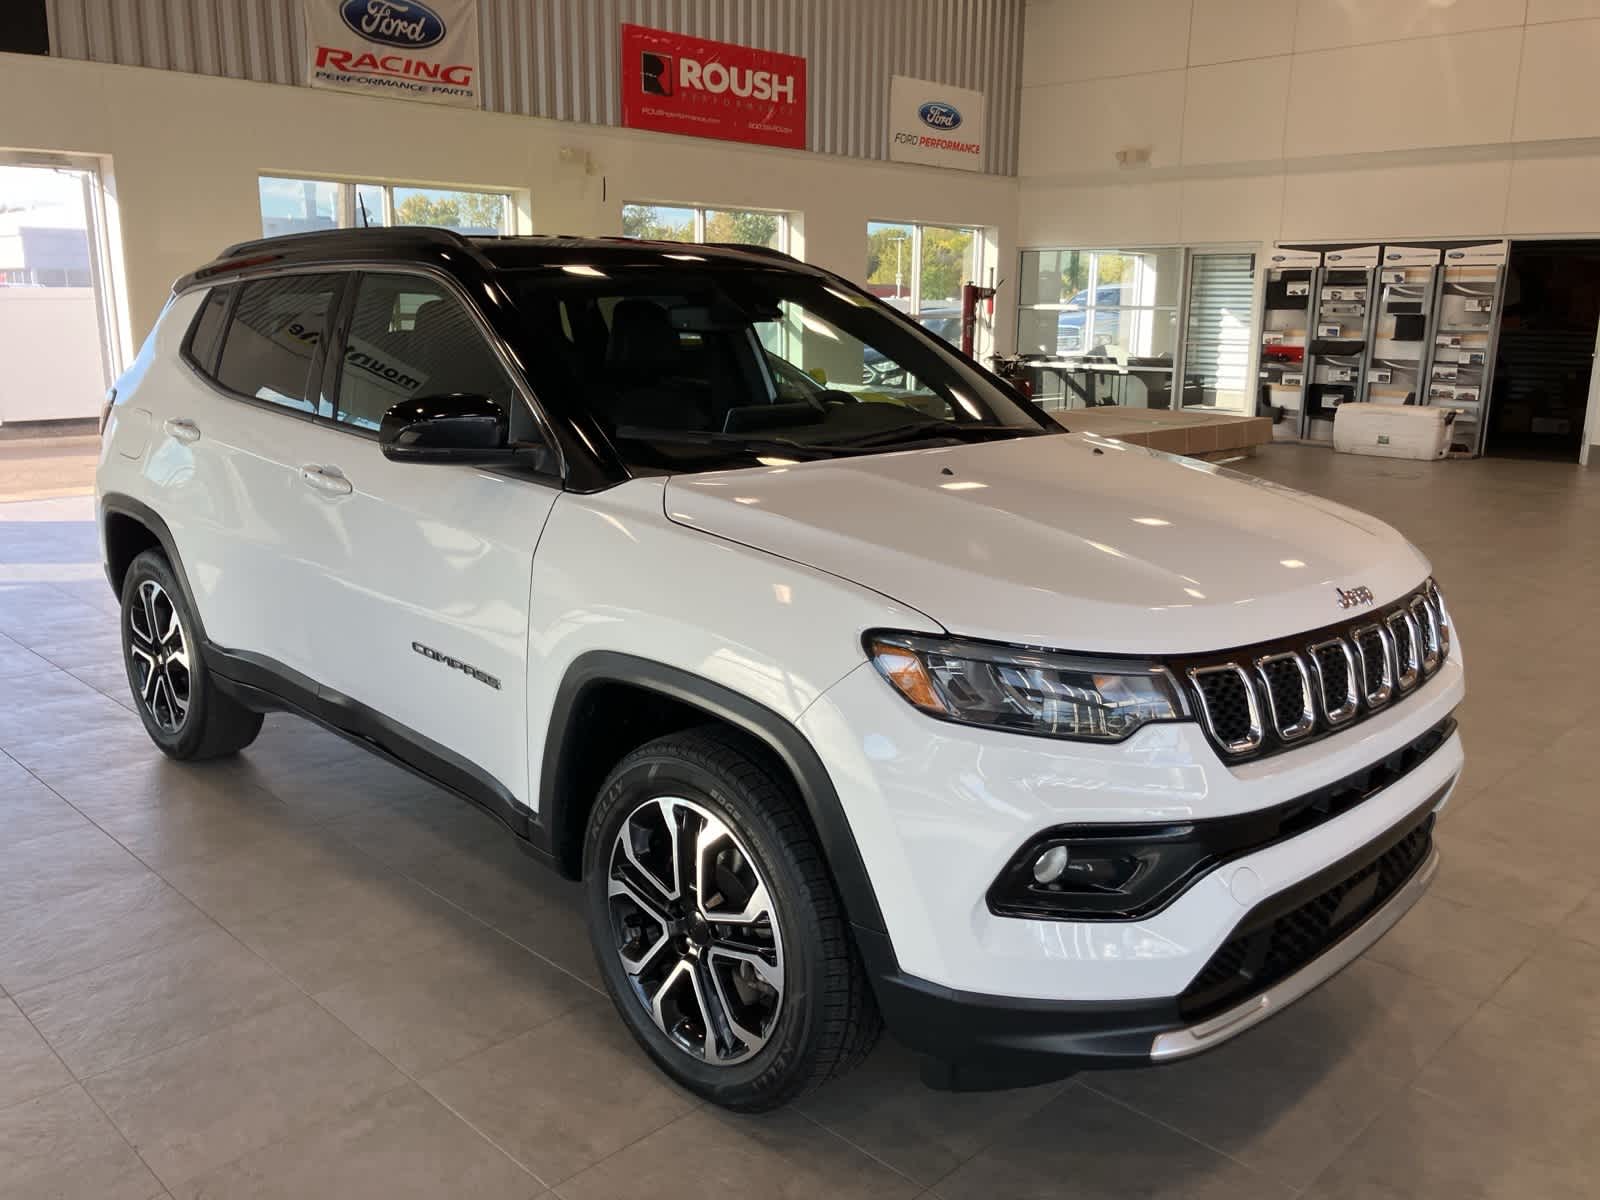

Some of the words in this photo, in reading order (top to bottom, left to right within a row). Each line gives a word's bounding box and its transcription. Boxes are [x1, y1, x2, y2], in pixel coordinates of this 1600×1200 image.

[362, 1, 427, 41] Ford
[315, 46, 473, 87] RACING
[679, 57, 795, 104] ROUSH
[315, 71, 427, 92] PERFORMANCE
[431, 86, 474, 97] PARTS
[926, 105, 955, 126] Ford
[894, 132, 919, 146] FORD
[919, 135, 981, 155] PERFORMANCE
[1336, 585, 1374, 609] Jeep
[411, 641, 502, 690] COMPASS

▶ _What you should do_
Each line of the listing above must be given again exactly; the pictures are to be left out.

▶ _Result of the task_
Some of the words in this photo, in reading order (top to bottom, left to right within a row). Each line gives a word's bounding box and its transcription. Boxes are [x1, y1, x2, y2], in pixel coordinates of this 1600×1200 image.

[362, 1, 427, 41] Ford
[315, 46, 473, 87] RACING
[679, 57, 795, 104] ROUSH
[315, 71, 427, 92] PERFORMANCE
[431, 86, 474, 97] PARTS
[926, 105, 955, 126] Ford
[894, 132, 919, 146] FORD
[919, 135, 981, 155] PERFORMANCE
[1336, 585, 1374, 609] Jeep
[411, 641, 502, 690] COMPASS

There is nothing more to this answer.